Your feeding is on the high end. Make sure he's pooping regularly and not looking bloated. If he's not pooping regularly and looking bloated you could cut back to 2 2x a day. No matter what or how much you feed he needs one fast day a week with no food.

Here is how to do all those water changes without shocking:



> To do a water change, use a little cup like a plastic solo cup - this cup must be only for him and have never been used with soap or other chems. Scoop him up in this cup (keep him in the cup about 1/4 full of water - it doesn't need to be much because he won't be in it for long) and leave him in the cup while you change his water.
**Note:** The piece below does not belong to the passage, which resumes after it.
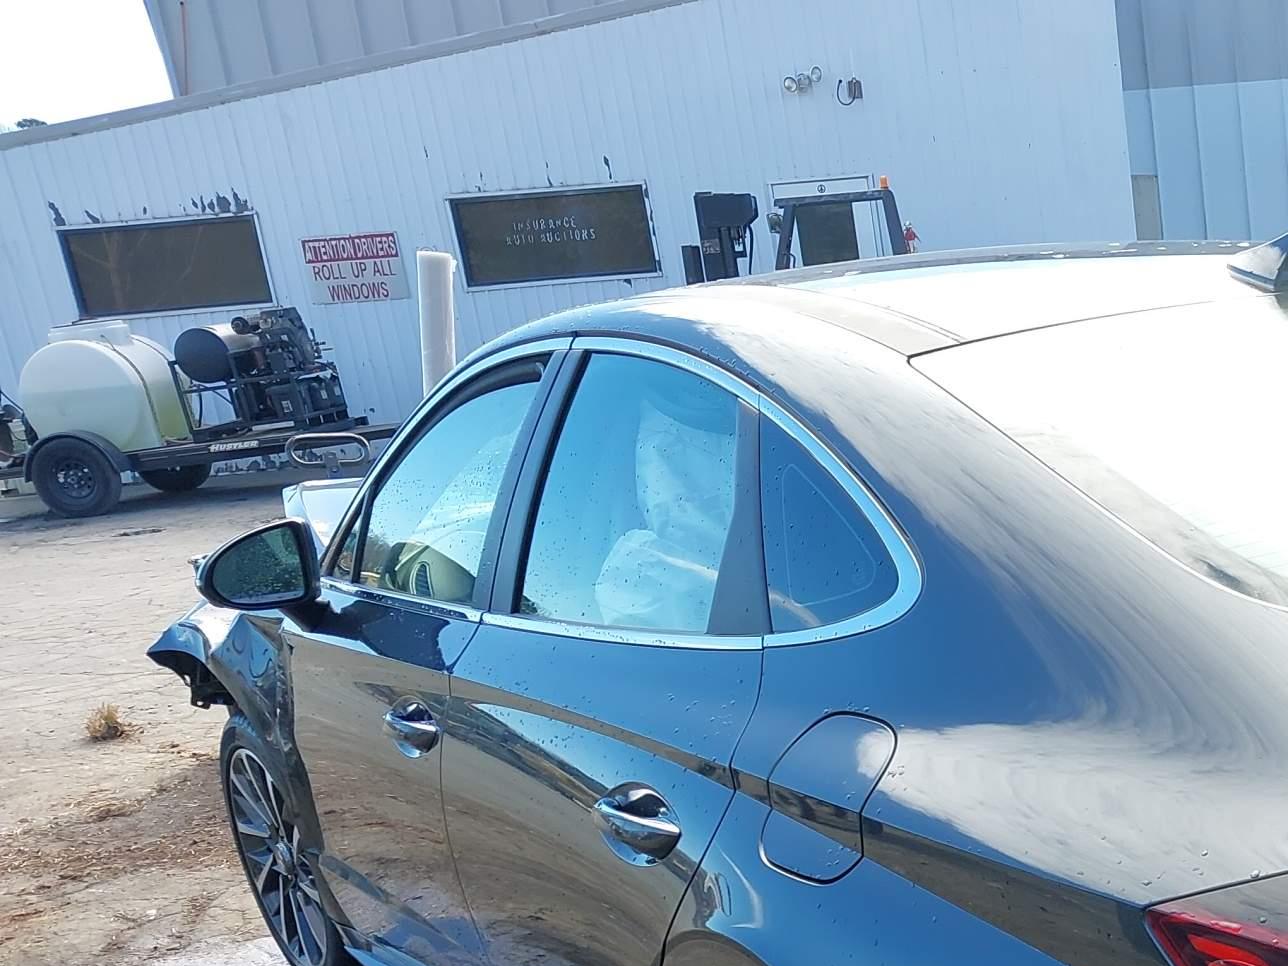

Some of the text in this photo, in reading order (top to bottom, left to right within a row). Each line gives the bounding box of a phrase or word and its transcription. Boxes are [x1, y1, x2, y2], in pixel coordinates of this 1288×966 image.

To do the 50% use a turkey baster - dedicated only to him that has never seen soap or chems - and drag it through the gravel and try to suck as much of the poop out as possible, in addition to 50% of the water. Use a thermometer under the running tap to get it to be the same temp as the water that is normally in his tank. When the thermometer says the flowing tap is the right temp, fill back up his tank. At this point, add the conditioner (dose for how much water you change - if you change half the water you add half gallon worth of conditioner, If you do a 100% water change dose for the full gallon change). Float his plastic cup with him in it in the new water. Slowly add a couple tablespoons of the new water into his cup every 10 minutes for at least an hour. Finally, dump him in gently but try to get as little of the old cup water back into the tank as possible. When you do the weekly 100% you will do mostly the same thing except empty his tank fully and rinse everything in it very well under warm water but never use soaps or chemicals. Once it's fully cleaned/rinsed you can refill it and repeat the cup/acclimate phase.


----------



## AyalaCookiejar (Nov 20, 2012)

+1 to Callistra.



eatmice2010 said:


> You need to turn the pump on if its to strong i recommend buying a smaller one or block the water flow with plants or some kind of non harmful decor.Your feeding him to much (is it pellet or flake?) if pellet i would reduce his feeding to 5-6 pellets once a day, if flakes then give him a a pinch half the size of your pinky finger of flake- once a day also.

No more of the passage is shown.